# DIRECTIONS FOR THIS TASK:
Write out the listing below in full and exactly, leaving out every picture.

= = = = =

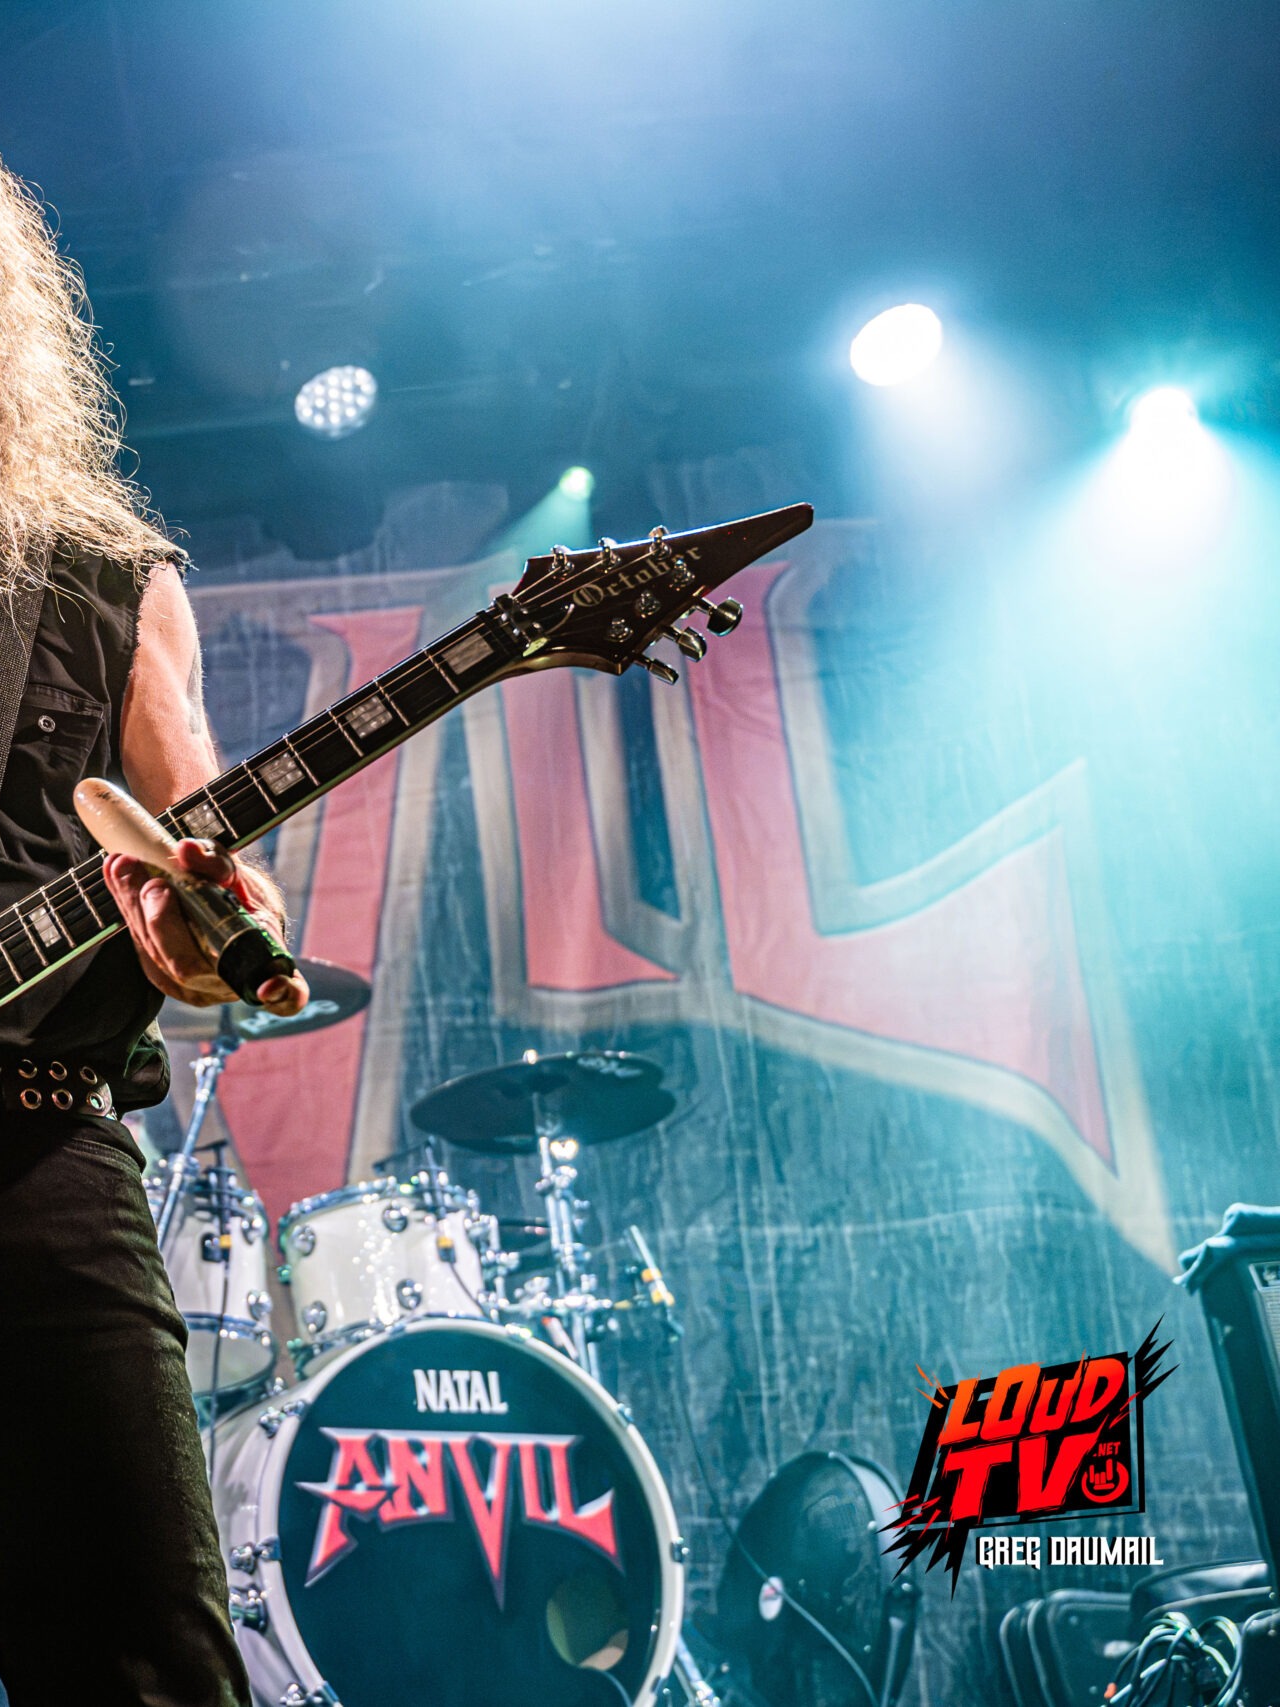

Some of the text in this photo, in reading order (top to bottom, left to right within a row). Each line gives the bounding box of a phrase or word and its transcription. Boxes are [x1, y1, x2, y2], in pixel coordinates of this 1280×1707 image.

[572, 546, 702, 608] Octobr
[413, 1368, 508, 1415] NATAL
[295, 1426, 624, 1611] ANVIL
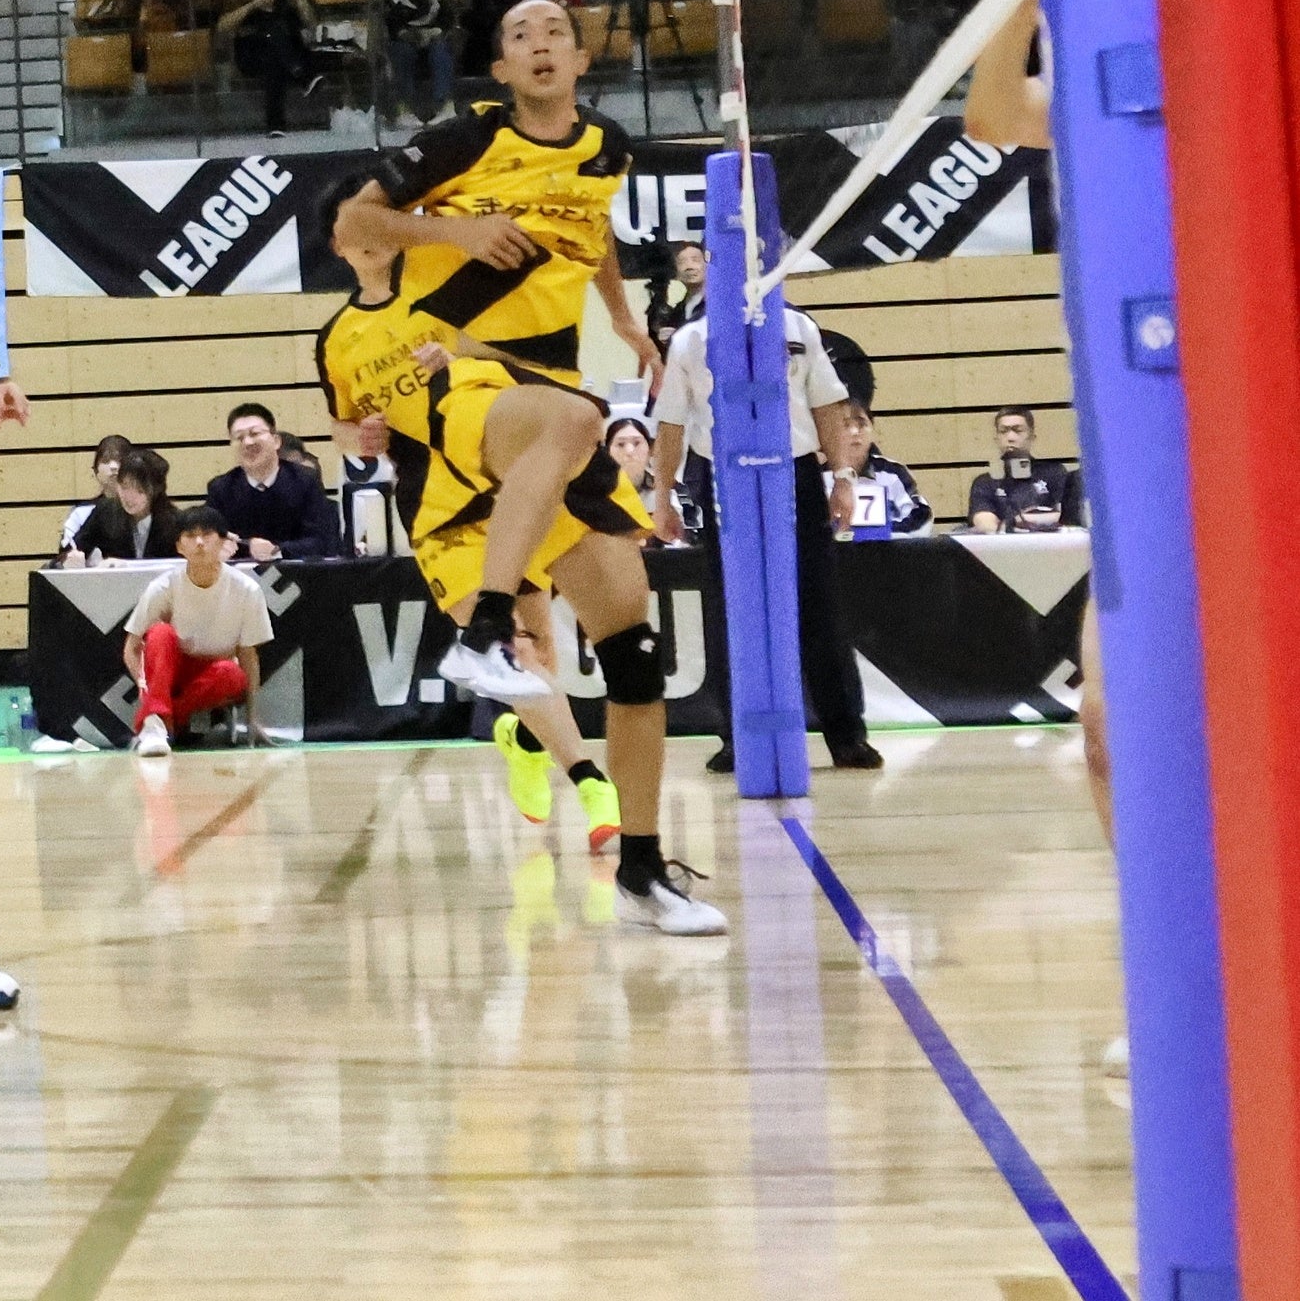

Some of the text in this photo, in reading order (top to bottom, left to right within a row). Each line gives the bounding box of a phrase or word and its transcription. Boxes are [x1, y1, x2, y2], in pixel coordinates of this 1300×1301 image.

[138, 154, 293, 297] LEAGUE
[862, 137, 1012, 267] LEAGU
[858, 495, 874, 521] 7
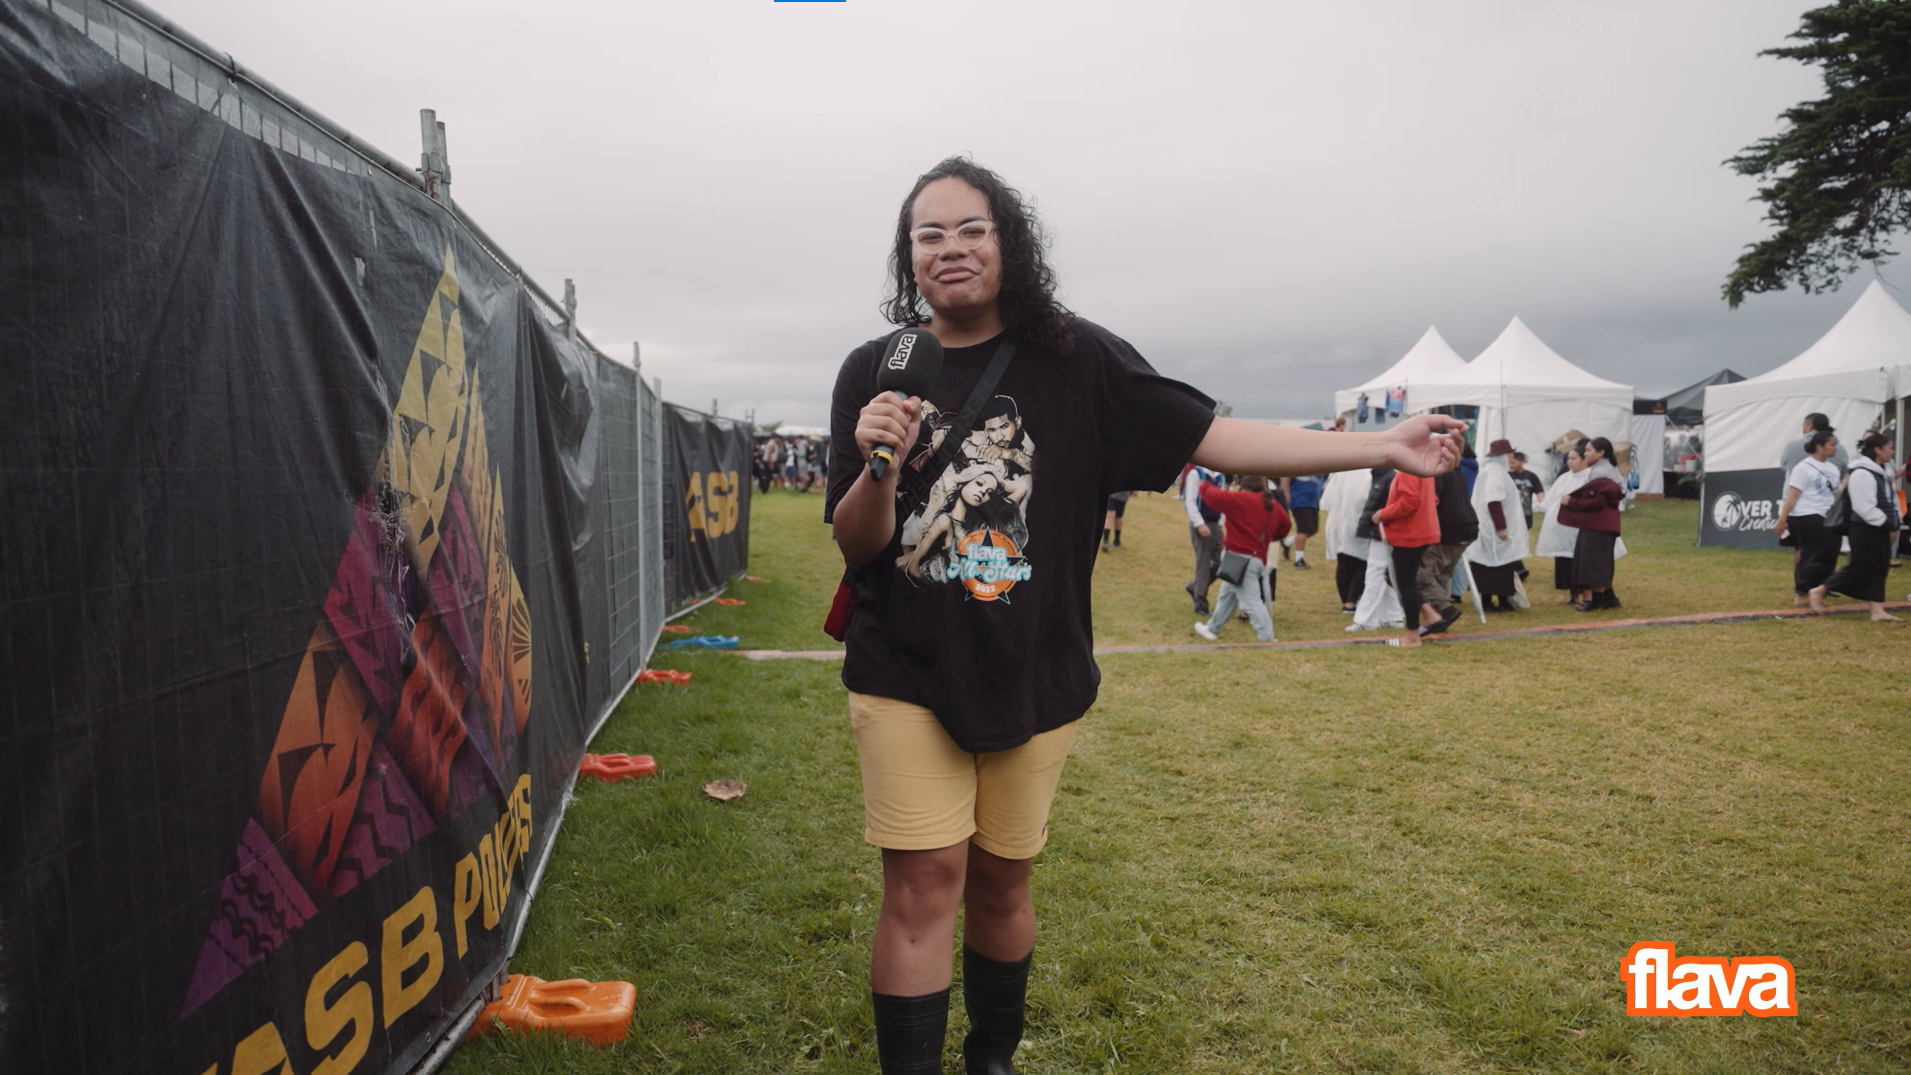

= = = = =

# SOLUTION FOR THIS PROBLEM:
Some of the text in this photo, in reading order (top to bottom, left to right within a row). Each line gives the bounding box of a phrase or word and its transcription. Boxes are [x1, y1, x2, y2], in pixel coordinates of this 1280×1707 image.

[572, 546, 702, 608] Octobr
[413, 1368, 508, 1415] NATAL
[295, 1426, 624, 1611] ANVIL

Some of the text in this photo, in reading order (top to bottom, left to right within a row). Each line gives the bounding box of a phrase or word and its transcription. Boxes are [x1, y1, x2, y2], in pixel coordinates of this 1300×1301 image.

[138, 154, 293, 297] LEAGUE
[862, 137, 1012, 267] LEAGU
[858, 495, 874, 521] 7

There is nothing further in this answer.